_Your instructions_. Write out the records again exactly and exclude the pictures.
"""
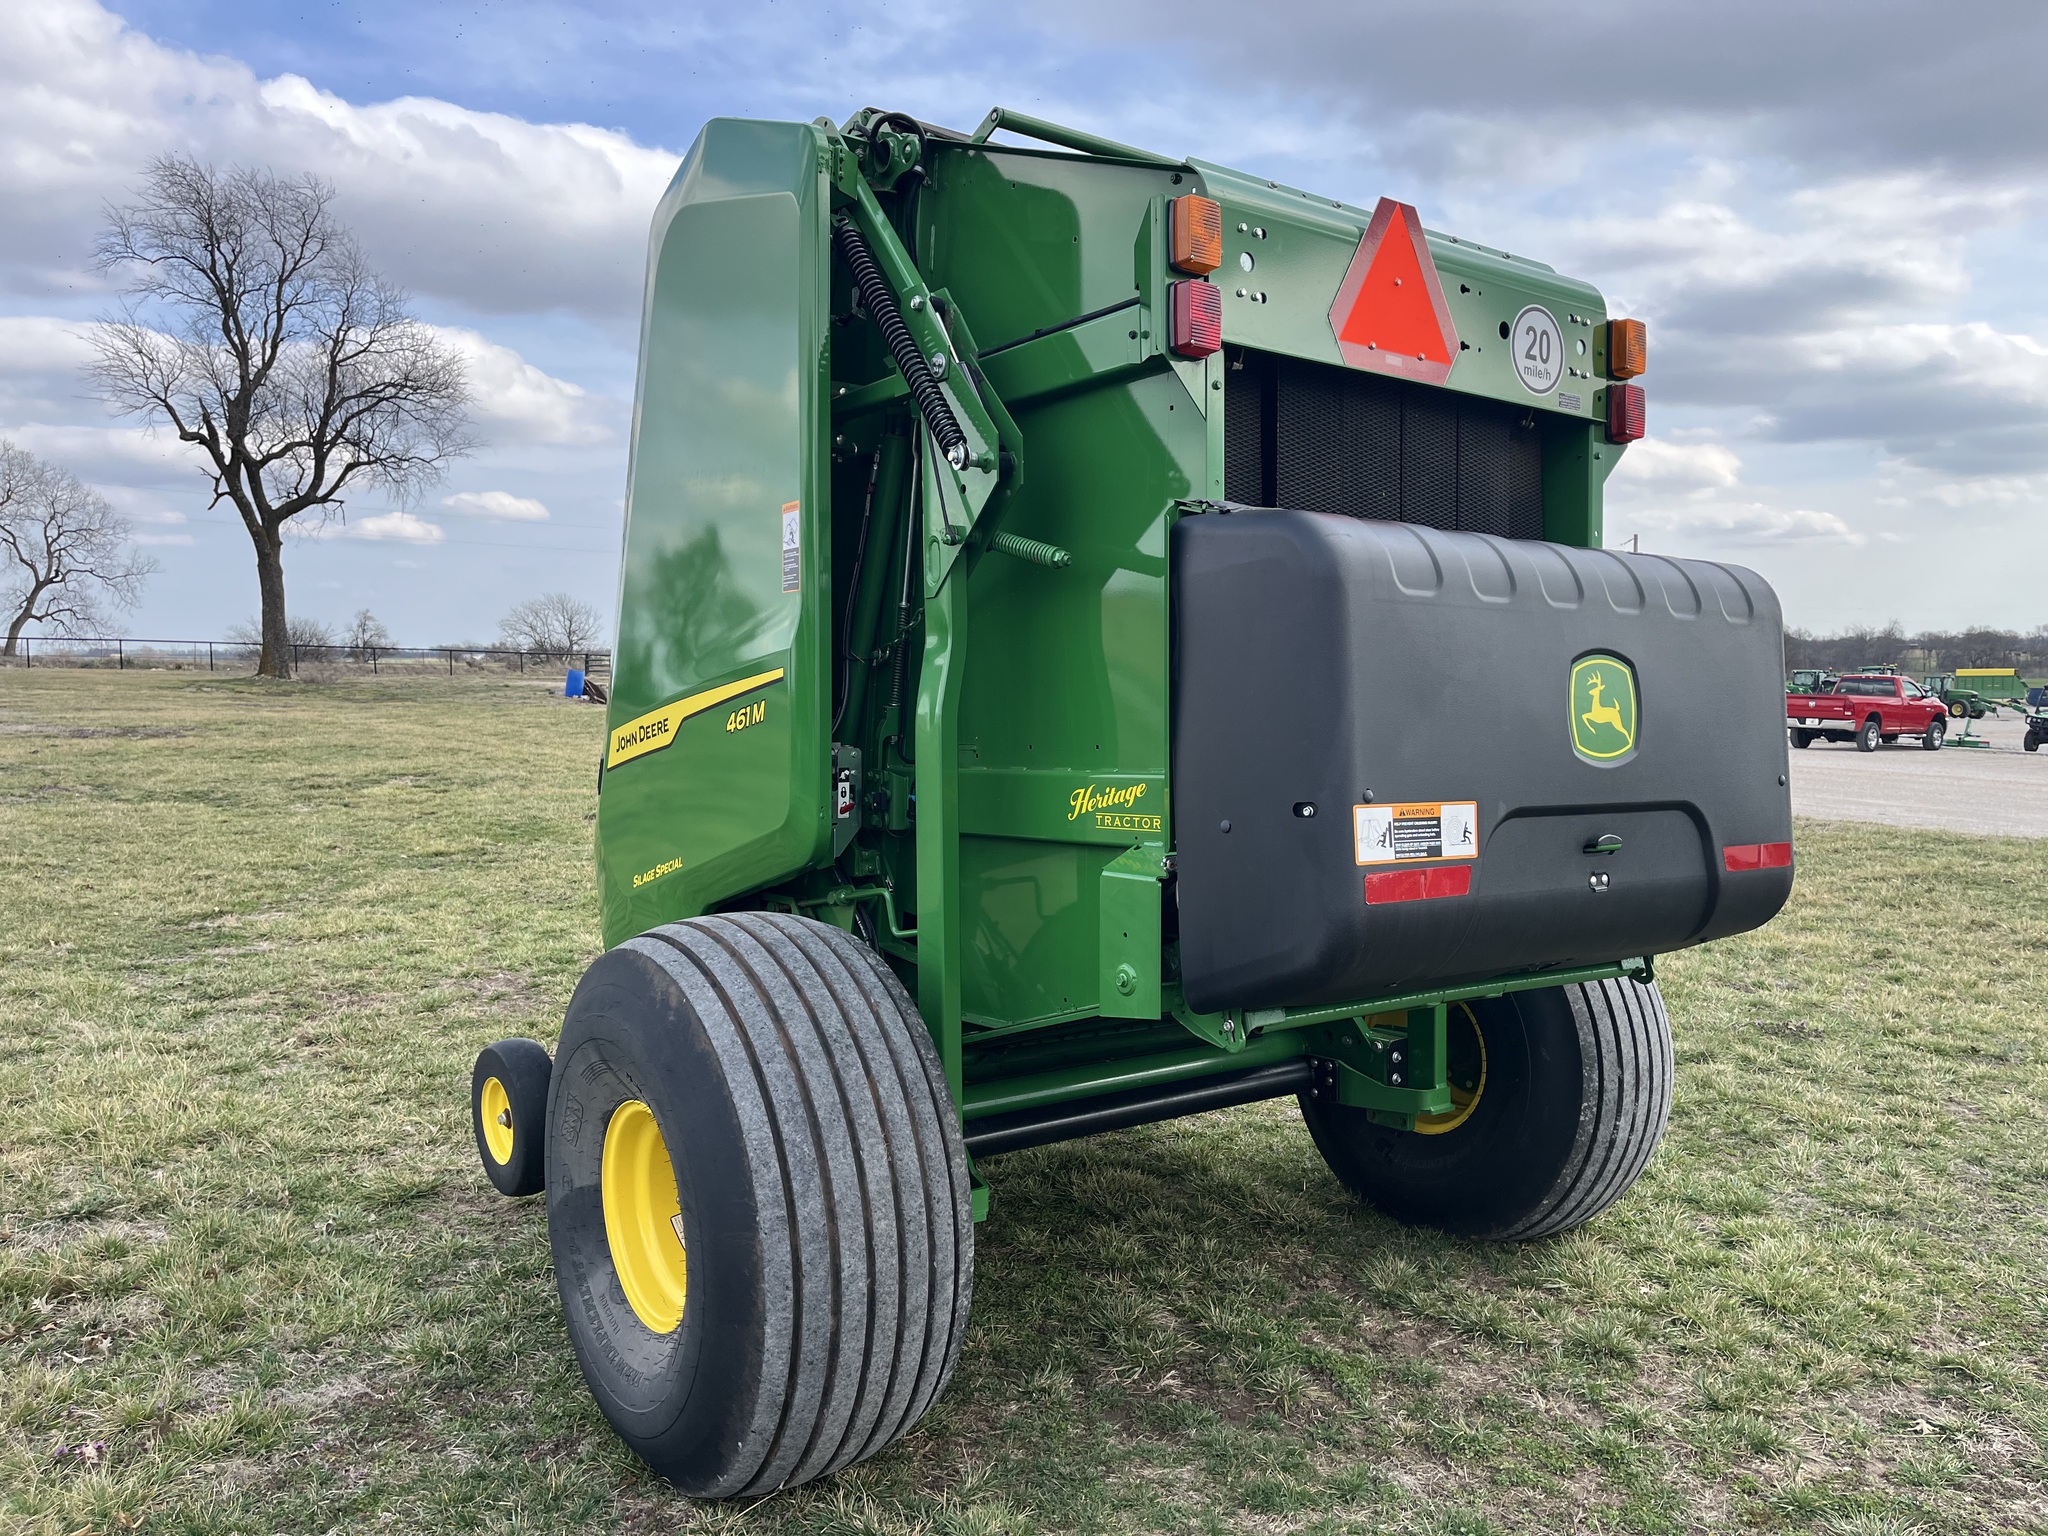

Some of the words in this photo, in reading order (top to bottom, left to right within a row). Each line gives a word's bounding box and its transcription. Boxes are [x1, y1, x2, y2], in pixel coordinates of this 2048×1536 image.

[1525, 325, 1551, 365] 20
[1523, 365, 1551, 381] mile/h
[616, 732, 638, 752] JOHN
[638, 718, 669, 743] DEERE
[1067, 783, 1148, 821] Heritage
[1406, 808, 1435, 816] WARNING
[1095, 815, 1161, 829] TRACTOR
[633, 868, 655, 888] SILAGE
[655, 856, 683, 878] SPECIAL
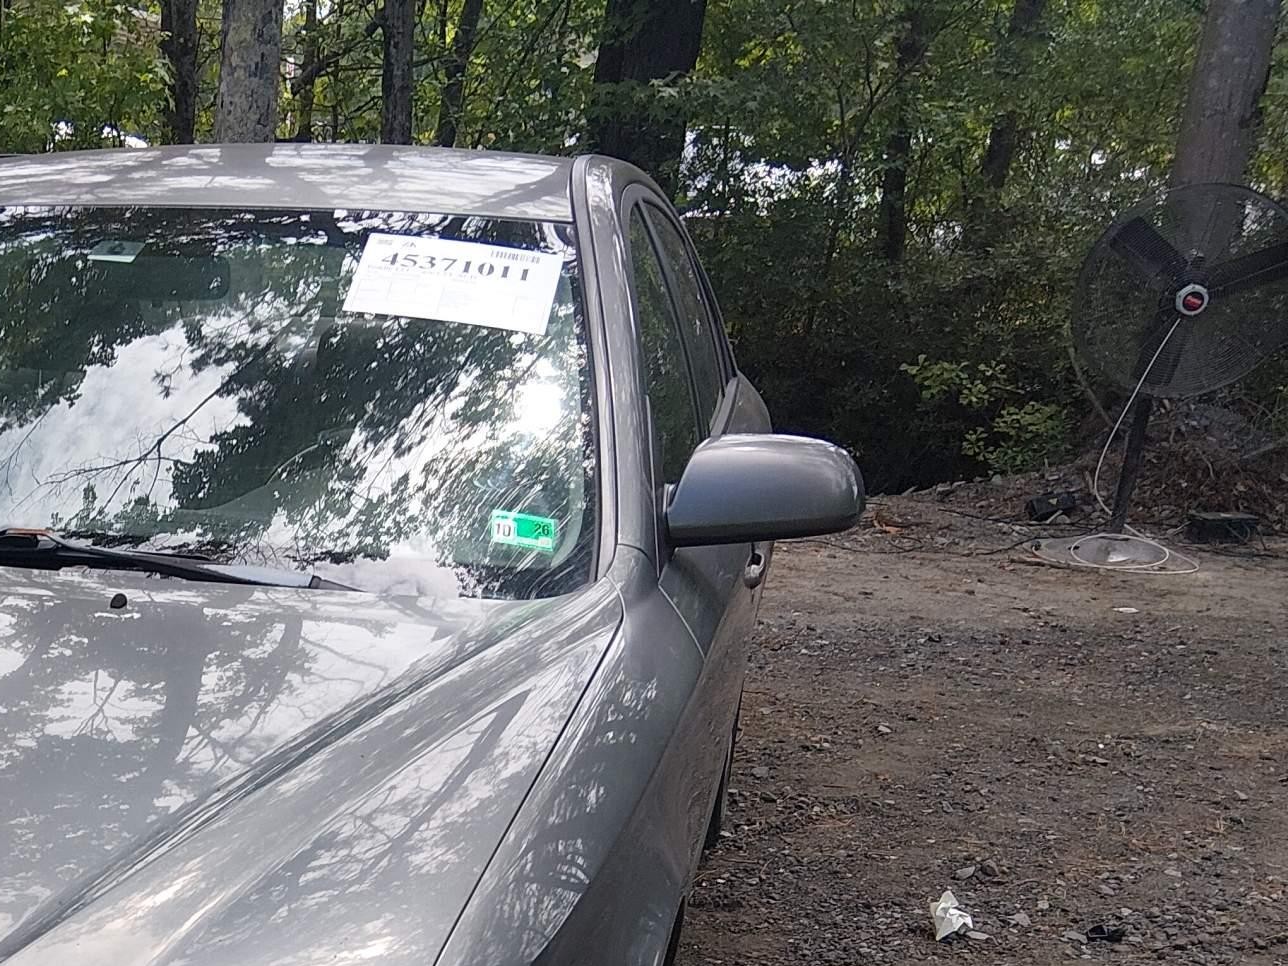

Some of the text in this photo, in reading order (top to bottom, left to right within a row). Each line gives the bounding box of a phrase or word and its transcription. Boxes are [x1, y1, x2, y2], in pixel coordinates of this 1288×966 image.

[381, 252, 530, 281] 45371011
[495, 522, 550, 538] 10 26
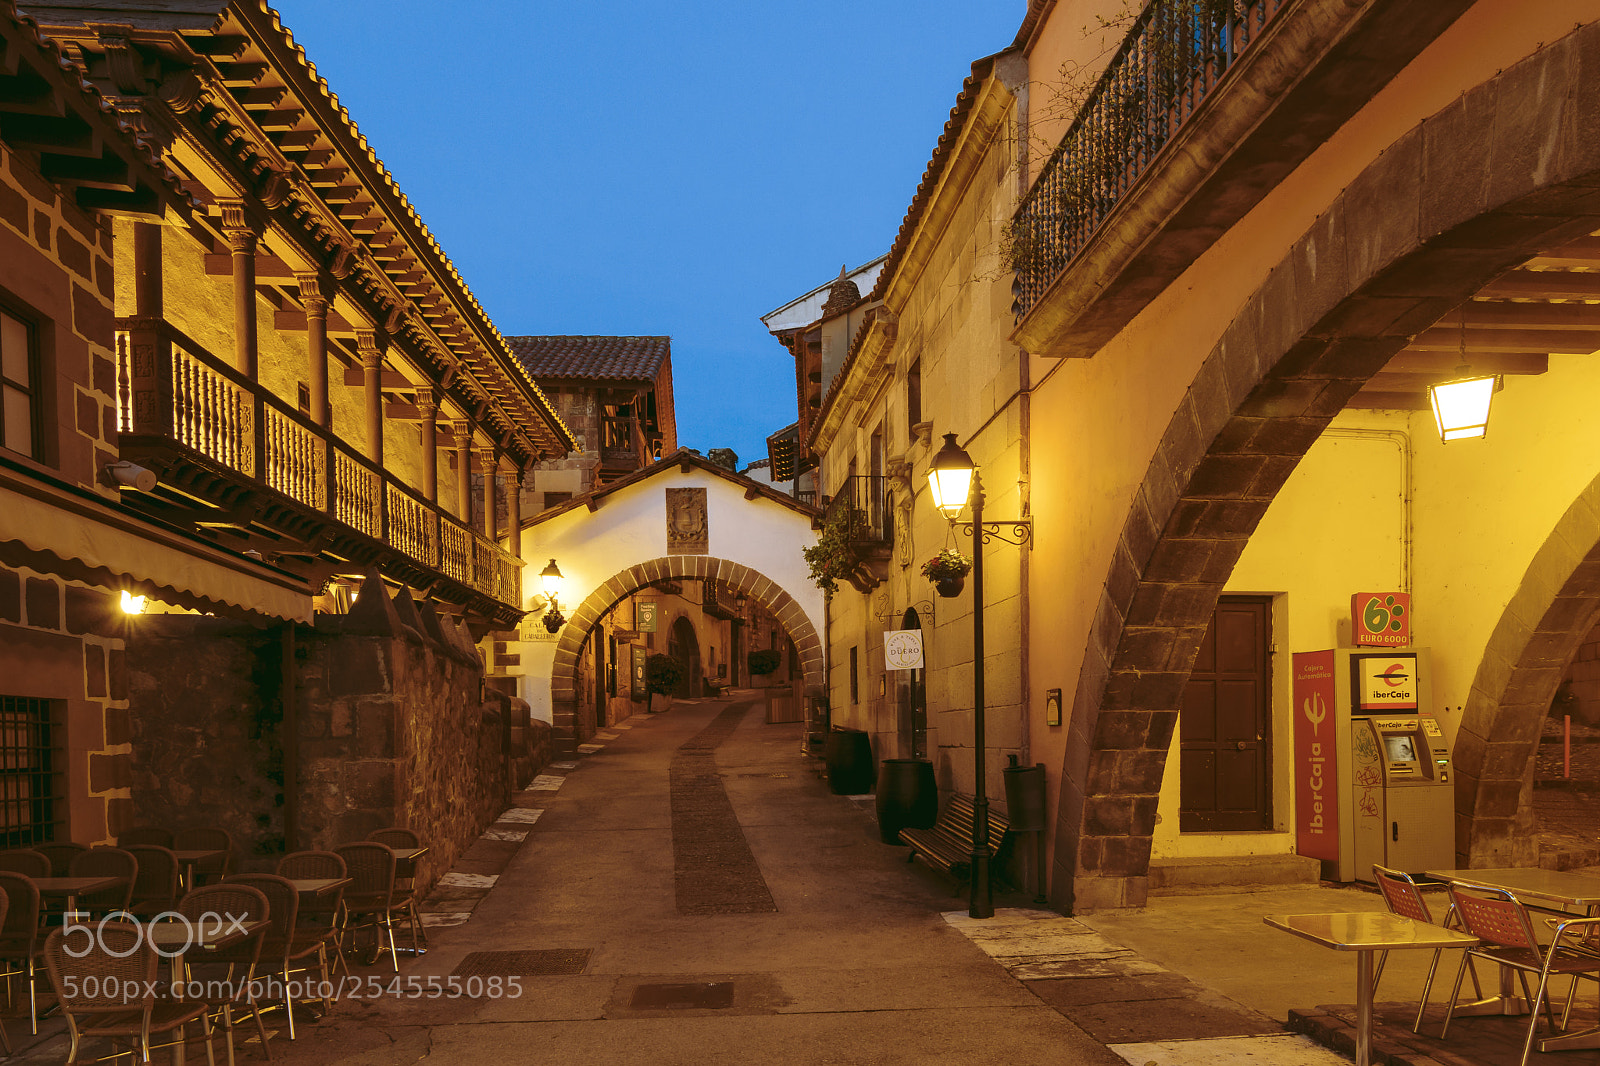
"""
_Response box_.
Some of the words in this photo, in reading order (top to bottom, left to right within a row). Each line gives a word's bounding box and its transcription. Boxes are [x1, y1, x2, y2], in pixel coordinates of this 2048×1536 image.

[1525, 325, 1551, 365] 20
[1523, 365, 1551, 381] mile/h
[616, 732, 638, 752] JOHN
[638, 718, 669, 743] DEERE
[1067, 783, 1148, 821] Heritage
[1406, 808, 1435, 816] WARNING
[1095, 815, 1161, 829] TRACTOR
[633, 868, 655, 888] SILAGE
[655, 856, 683, 878] SPECIAL

Some of the text in this photo, in reading order (top to bottom, left to right within a row). Each line gives the bounding box of a phrase or word and its transcription. Boxes are [x1, y1, x2, y2], in pixel coordinates of this 1288×966 image.

[381, 252, 530, 281] 45371011
[495, 522, 550, 538] 10 26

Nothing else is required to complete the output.